Dataset extract START
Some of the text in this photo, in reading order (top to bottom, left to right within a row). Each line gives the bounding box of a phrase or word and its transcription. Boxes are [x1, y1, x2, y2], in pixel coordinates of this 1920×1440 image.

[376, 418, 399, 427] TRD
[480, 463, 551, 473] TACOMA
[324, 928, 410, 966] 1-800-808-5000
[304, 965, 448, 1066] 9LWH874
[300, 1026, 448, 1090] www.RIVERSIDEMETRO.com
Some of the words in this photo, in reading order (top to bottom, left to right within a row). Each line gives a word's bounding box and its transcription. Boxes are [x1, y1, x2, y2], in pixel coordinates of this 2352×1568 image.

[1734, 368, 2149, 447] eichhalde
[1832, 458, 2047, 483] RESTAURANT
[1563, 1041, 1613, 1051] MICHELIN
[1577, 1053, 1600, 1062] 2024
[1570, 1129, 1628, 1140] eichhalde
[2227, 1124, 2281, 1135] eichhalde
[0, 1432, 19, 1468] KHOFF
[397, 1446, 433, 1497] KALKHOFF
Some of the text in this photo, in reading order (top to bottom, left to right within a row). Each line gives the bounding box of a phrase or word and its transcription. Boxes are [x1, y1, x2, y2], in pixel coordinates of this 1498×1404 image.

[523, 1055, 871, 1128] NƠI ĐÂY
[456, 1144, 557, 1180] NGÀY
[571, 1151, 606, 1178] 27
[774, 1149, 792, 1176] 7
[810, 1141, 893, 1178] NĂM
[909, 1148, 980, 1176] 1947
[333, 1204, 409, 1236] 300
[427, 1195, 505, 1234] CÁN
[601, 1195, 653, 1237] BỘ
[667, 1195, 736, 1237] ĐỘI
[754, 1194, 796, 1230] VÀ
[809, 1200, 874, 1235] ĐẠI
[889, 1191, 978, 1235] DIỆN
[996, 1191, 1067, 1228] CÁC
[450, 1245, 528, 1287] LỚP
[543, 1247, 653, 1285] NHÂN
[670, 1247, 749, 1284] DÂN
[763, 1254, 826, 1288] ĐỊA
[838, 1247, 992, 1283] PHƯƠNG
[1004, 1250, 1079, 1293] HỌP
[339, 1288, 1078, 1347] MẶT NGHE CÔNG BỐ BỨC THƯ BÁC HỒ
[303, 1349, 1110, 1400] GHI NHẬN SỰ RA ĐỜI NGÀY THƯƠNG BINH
Dataset extract END
> [What this task involves]
Reprint the entire listing exactly.

> [Expected answer]
Some of the text in this photo, in reading order (top to bottom, left to right within a row). Each line gives the bounding box of a phrase or word and its transcription. Boxes are [x1, y1, x2, y2], in pixel coordinates of this 1920×1440 image.

[376, 418, 399, 427] TRD
[480, 463, 551, 473] TACOMA
[324, 928, 410, 966] 1-800-808-5000
[304, 965, 448, 1066] 9LWH874
[300, 1026, 448, 1090] www.RIVERSIDEMETRO.com
Some of the words in this photo, in reading order (top to bottom, left to right within a row). Each line gives a word's bounding box and its transcription. Boxes are [x1, y1, x2, y2], in pixel coordinates of this 2352×1568 image.

[1734, 368, 2149, 447] eichhalde
[1832, 458, 2047, 483] RESTAURANT
[1563, 1041, 1613, 1051] MICHELIN
[1577, 1053, 1600, 1062] 2024
[1570, 1129, 1628, 1140] eichhalde
[2227, 1124, 2281, 1135] eichhalde
[0, 1432, 19, 1468] KHOFF
[397, 1446, 433, 1497] KALKHOFF
Some of the text in this photo, in reading order (top to bottom, left to right within a row). Each line gives the bounding box of a phrase or word and its transcription. Boxes are [x1, y1, x2, y2], in pixel coordinates of this 1498×1404 image.

[523, 1055, 871, 1128] NƠI ĐÂY
[456, 1144, 557, 1180] NGÀY
[571, 1151, 606, 1178] 27
[774, 1149, 792, 1176] 7
[810, 1141, 893, 1178] NĂM
[909, 1148, 980, 1176] 1947
[333, 1204, 409, 1236] 300
[427, 1195, 505, 1234] CÁN
[601, 1195, 653, 1237] BỘ
[667, 1195, 736, 1237] ĐỘI
[754, 1194, 796, 1230] VÀ
[809, 1200, 874, 1235] ĐẠI
[889, 1191, 978, 1235] DIỆN
[996, 1191, 1067, 1228] CÁC
[450, 1245, 528, 1287] LỚP
[543, 1247, 653, 1285] NHÂN
[670, 1247, 749, 1284] DÂN
[763, 1254, 826, 1288] ĐỊA
[838, 1247, 992, 1283] PHƯƠNG
[1004, 1250, 1079, 1293] HỌP
[339, 1288, 1078, 1347] MẶT NGHE CÔNG BỐ BỨC THƯ BÁC HỒ
[303, 1349, 1110, 1400] GHI NHẬN SỰ RA ĐỜI NGÀY THƯƠNG BINH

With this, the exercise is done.